Merge pull request #7 from certtools/iep-007

aaronkaplan · web-flow · commit b223aea9c601 · 2023-05-24T16:08:21.000+02:00
(IEP 007) Running bots as library
diff --git a/007/README.md b/007/README.md
@@ -0,0 +1,222 @@
+# IEP007 - Running IntelMQ bots as Python Library
+
+A working example call (Proof of Concept) is located here:
+https://github.com/wagner-intevation/intelmq/blob/bot-library/intelmq/tests/lib/test_bot.py#L141
+
+## Background
+As of IntelMQ 3.1.0, IntelMQ Bots can only be started on the command line with `intelmqctl`.
+Most tools (including the IntelMQ API, and thus the IntelMQ Manager) use `intelmqctl start` to start bot instances.
+`intelmqctl start` spawns a new child process and detaches it.
+
+Only `intelmqctl run` provides the ability to run bots interactively in the foreground of the command line and provides some neat features for debugging purposes.
+
+Starting IntelMQ bots using Python code requires much of effort (and code complexity).
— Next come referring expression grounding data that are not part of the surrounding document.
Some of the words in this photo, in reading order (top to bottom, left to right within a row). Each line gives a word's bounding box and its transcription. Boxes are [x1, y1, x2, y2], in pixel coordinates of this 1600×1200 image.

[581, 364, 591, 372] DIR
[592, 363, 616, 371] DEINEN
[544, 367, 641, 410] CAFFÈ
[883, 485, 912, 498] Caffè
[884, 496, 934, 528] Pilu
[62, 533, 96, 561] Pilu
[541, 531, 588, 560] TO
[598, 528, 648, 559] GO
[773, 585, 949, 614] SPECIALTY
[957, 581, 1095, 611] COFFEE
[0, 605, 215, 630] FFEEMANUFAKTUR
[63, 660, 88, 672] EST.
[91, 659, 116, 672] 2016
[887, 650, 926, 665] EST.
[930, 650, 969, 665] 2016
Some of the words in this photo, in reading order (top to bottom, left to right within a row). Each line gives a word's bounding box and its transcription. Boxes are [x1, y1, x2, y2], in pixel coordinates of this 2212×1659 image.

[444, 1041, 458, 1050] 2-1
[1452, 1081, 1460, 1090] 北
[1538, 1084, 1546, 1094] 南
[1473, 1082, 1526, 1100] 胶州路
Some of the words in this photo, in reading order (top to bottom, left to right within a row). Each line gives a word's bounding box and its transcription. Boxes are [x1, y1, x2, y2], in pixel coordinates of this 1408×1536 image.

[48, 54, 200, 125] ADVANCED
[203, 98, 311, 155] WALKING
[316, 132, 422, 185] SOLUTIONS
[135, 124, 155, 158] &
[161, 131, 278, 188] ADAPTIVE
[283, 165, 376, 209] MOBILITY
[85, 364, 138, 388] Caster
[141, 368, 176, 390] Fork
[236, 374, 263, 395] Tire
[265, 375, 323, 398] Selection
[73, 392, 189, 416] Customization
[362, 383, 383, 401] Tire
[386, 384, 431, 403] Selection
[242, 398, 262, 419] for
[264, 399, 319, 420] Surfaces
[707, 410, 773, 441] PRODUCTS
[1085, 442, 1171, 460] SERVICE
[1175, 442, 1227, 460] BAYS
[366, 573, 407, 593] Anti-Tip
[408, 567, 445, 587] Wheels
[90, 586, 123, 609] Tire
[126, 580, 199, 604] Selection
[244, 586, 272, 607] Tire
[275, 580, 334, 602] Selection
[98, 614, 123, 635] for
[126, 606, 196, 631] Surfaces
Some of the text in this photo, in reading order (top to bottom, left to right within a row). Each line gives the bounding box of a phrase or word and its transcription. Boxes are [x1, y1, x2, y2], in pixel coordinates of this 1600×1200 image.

Additionally, the bot's parameters can only be provided by modifying the IntelMQ runtime configuration file.
+Messages can only be fed and retrieved from the bot by connecting to the pipeline (e.g.) separately and writing/reading properly serialized messages there.
+
+Integrating IntelMQ Bots into other (Python) tools is therefore hard to impossible in the current IntelMQ 3.1 version.
+
+In a nutshell, calling a bot and processing should take, at most, a few lines.
+The following complete example shows what the procedure could look like.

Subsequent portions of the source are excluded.